2. THE DETECTED ENERGY PATTERNS ARE BOTH DYNAMIC AND DIRECTIONAL. In
field tests over known major faults the SFD Sensor captured energy
patterns which were dynamic while the sensor was stationary. In
addition, the "radiation" field vectors of the energy patterns showed
different magnitudes during the traverse of a known deposit.
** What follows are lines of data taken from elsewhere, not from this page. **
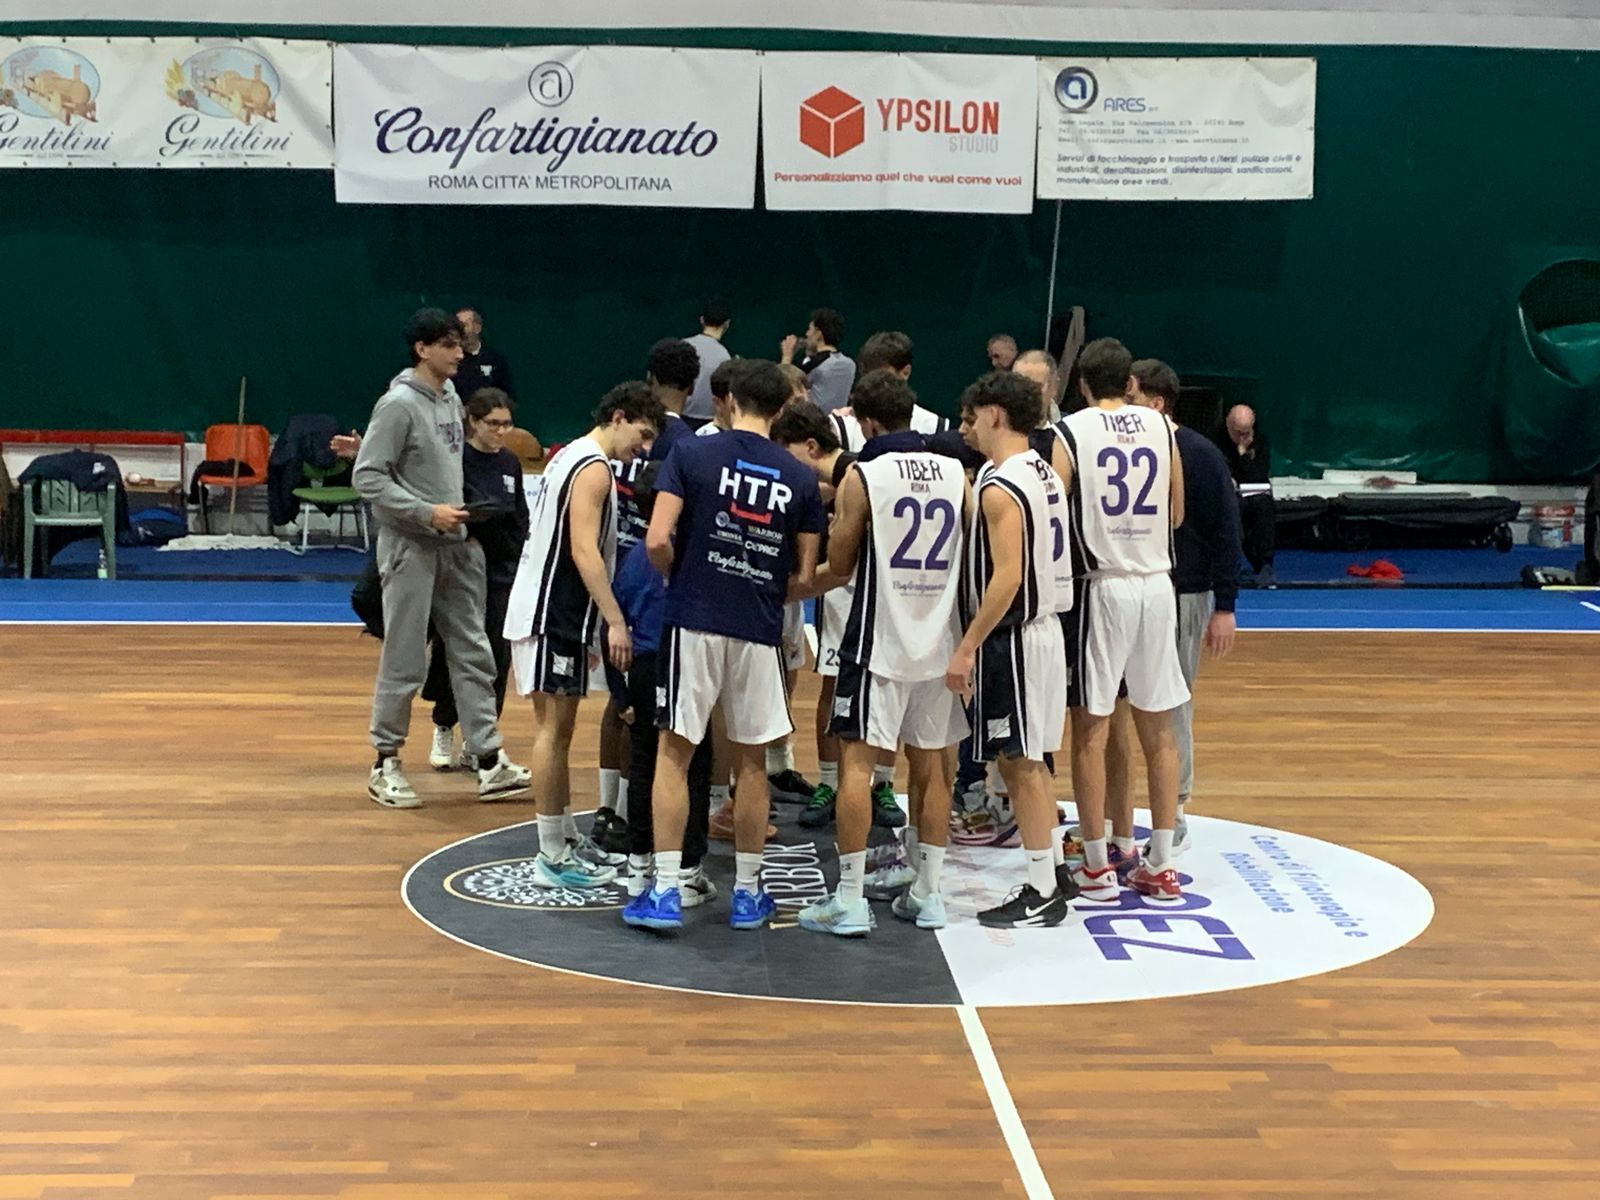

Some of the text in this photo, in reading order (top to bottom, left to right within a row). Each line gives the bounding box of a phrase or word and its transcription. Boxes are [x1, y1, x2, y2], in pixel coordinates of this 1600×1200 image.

[1104, 97, 1146, 113] ARES
[876, 98, 1000, 135] YPSILON
[159, 113, 293, 157] Gentilini
[374, 106, 719, 173] Confartigianato
[949, 135, 999, 153] STUDIO
[1087, 154, 1096, 163] di
[1097, 154, 1158, 165] facchinaggio
[1168, 154, 1208, 165] trasporto
[1241, 154, 1270, 164] pulizie
[1272, 154, 1293, 163] civili
[428, 175, 672, 191] ROMA CITTA' METROPOLITANA
[774, 172, 1022, 186] Personalizziamo quel che vuoi come vuoi
[894, 459, 944, 481] TIBER
[718, 466, 793, 514] HTR
[1097, 446, 1158, 517] 32
[889, 496, 956, 571] 22
[825, 647, 841, 667] 2
3. THE DETECTED ENERGY PATTERNS REFLECTED KNOWN HYDROCARBON ACCUMULATIONS
WHERE TECTONIC OR MECHANICAL STRESS SHOULD NOT BE A MAJOR FACTOR. In
field tests the SFD Sensor was shown to react to the following known
geological and hydraulic phenomenon:
. Mechanical forces due to tectonic activity in areas prone to
earthquakes;
. Sediment loading resulting in faulting and dewatering of
sediments; and
. Pressure differentials in the subsurface that are caused by
different fluid densities.
SFD Sensor reactions were observed over faults caused by both tectonic and
sedimentary loading, in areas including the Texas and Louisiana Gulf Coast, the
San Andreas fault in California, the lower mainland of British Columbia, and the
foothills of Alberta. These observations tend to indicate that the SFD Sensor
reacts to mechanical stress in the subsurface. However, in field observations
the SFD Sensor was shown to react to known, significant accumulations of
hydrocarbons in the subsurface where mechanical and tectonic stress would not be
a major factor. In these instances it appears that the SFD Technology reacts to
energy patterns caused by pressure differentials in the hydrocarbon
accumulations themselves.
It has been suggested that a possible explanation for these reactions over
significant hydrocarbon pools can be obtained by examining the effect a column
of gas or oil has on the pressure within a reservoir, and the resulting stress
on the surrounding shales. The pressure vs. elevation graph below indicates the
effect changes in the relative density of subsurface fluids can have on the
pressure within a reservoir at any given depth.
-16-
[GRAPH OF PRESSURE VS. ELEVATION APPEARS HERE]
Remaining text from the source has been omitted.